Data supplied: Begin
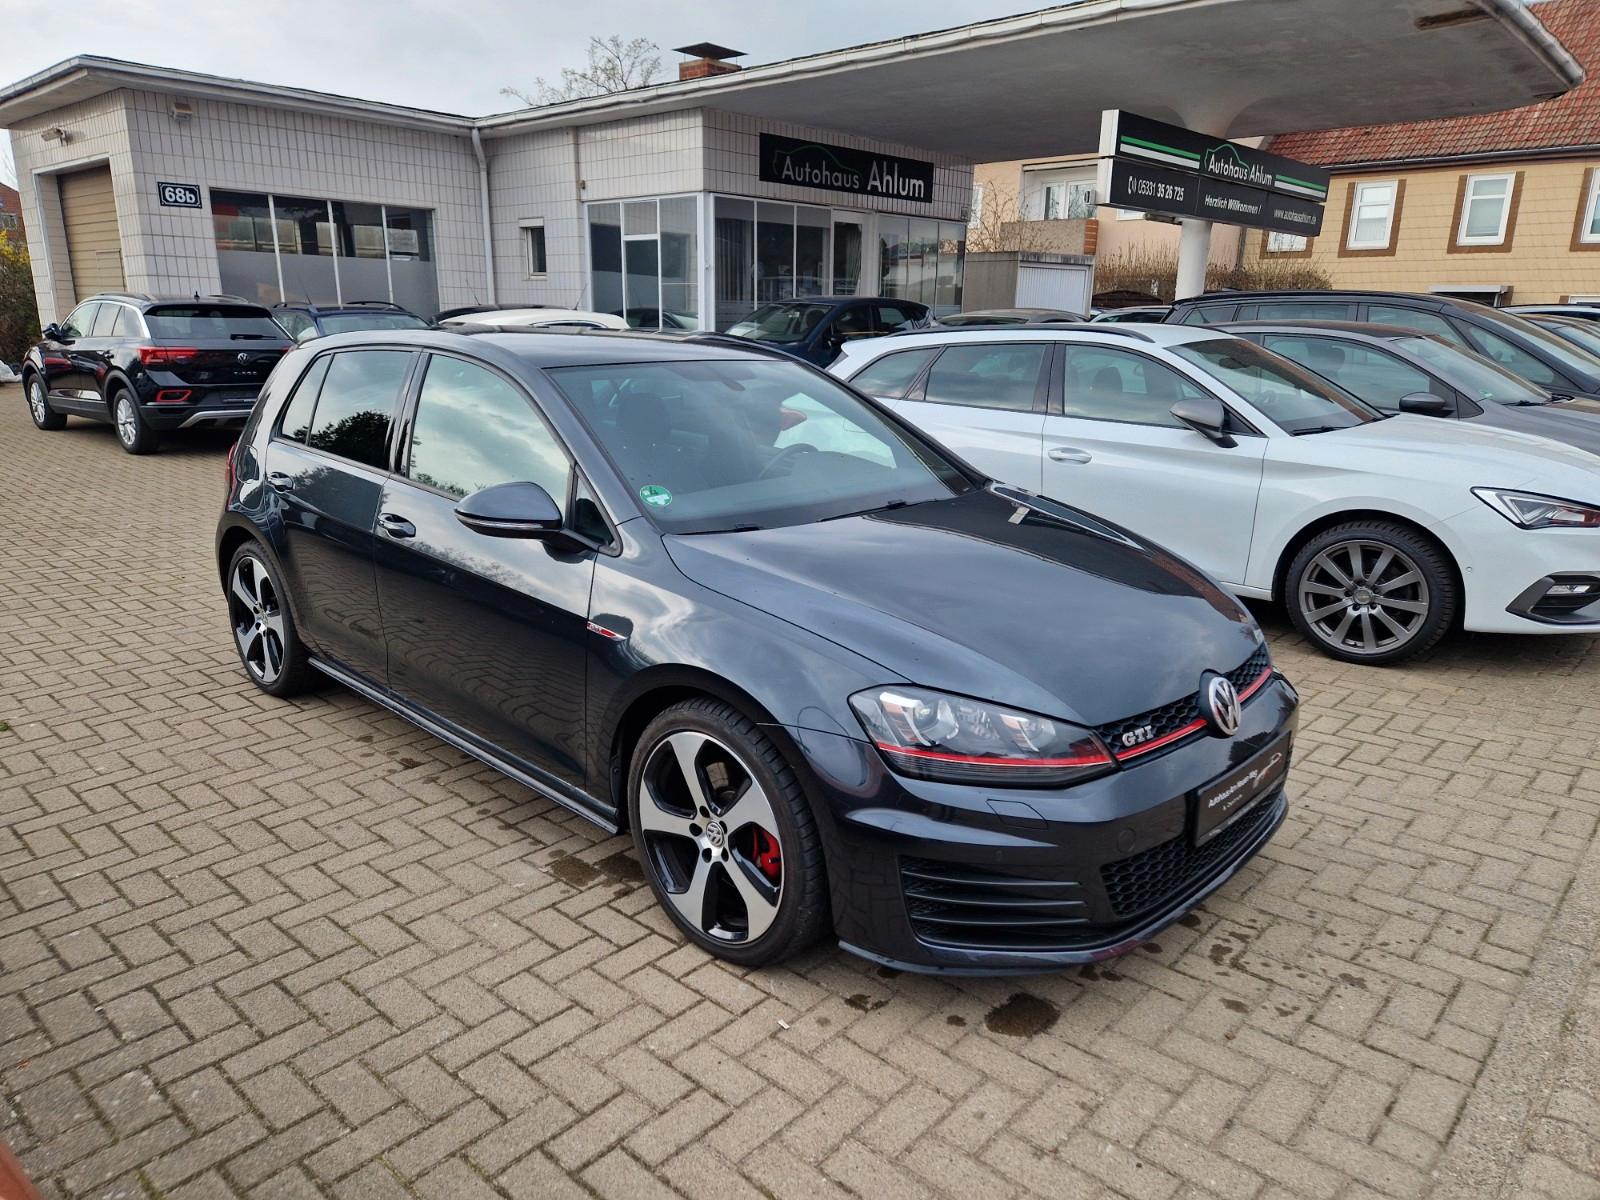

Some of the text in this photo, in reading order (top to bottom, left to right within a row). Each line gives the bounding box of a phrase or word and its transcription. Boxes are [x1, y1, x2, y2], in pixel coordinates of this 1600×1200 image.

[781, 155, 925, 199] Autohaus Ahlum
[1208, 153, 1273, 186] Autohaus Ahlum
[164, 187, 196, 204] 68b
[1156, 182, 1165, 198] 35
[1165, 184, 1173, 199] 26
[1173, 186, 1185, 202] 725
[1205, 194, 1228, 209] Herzlich
[1122, 725, 1154, 747] GTI
Data supplied: End
A faithful copy of all the entries is required, pictures excluded.

Some of the text in this photo, in reading order (top to bottom, left to right within a row). Each line gives the bounding box of a phrase or word and its transcription. Boxes are [x1, y1, x2, y2], in pixel coordinates of this 1600×1200 image.

[781, 155, 925, 199] Autohaus Ahlum
[1208, 153, 1273, 186] Autohaus Ahlum
[164, 187, 196, 204] 68b
[1156, 182, 1165, 198] 35
[1165, 184, 1173, 199] 26
[1173, 186, 1185, 202] 725
[1205, 194, 1228, 209] Herzlich
[1122, 725, 1154, 747] GTI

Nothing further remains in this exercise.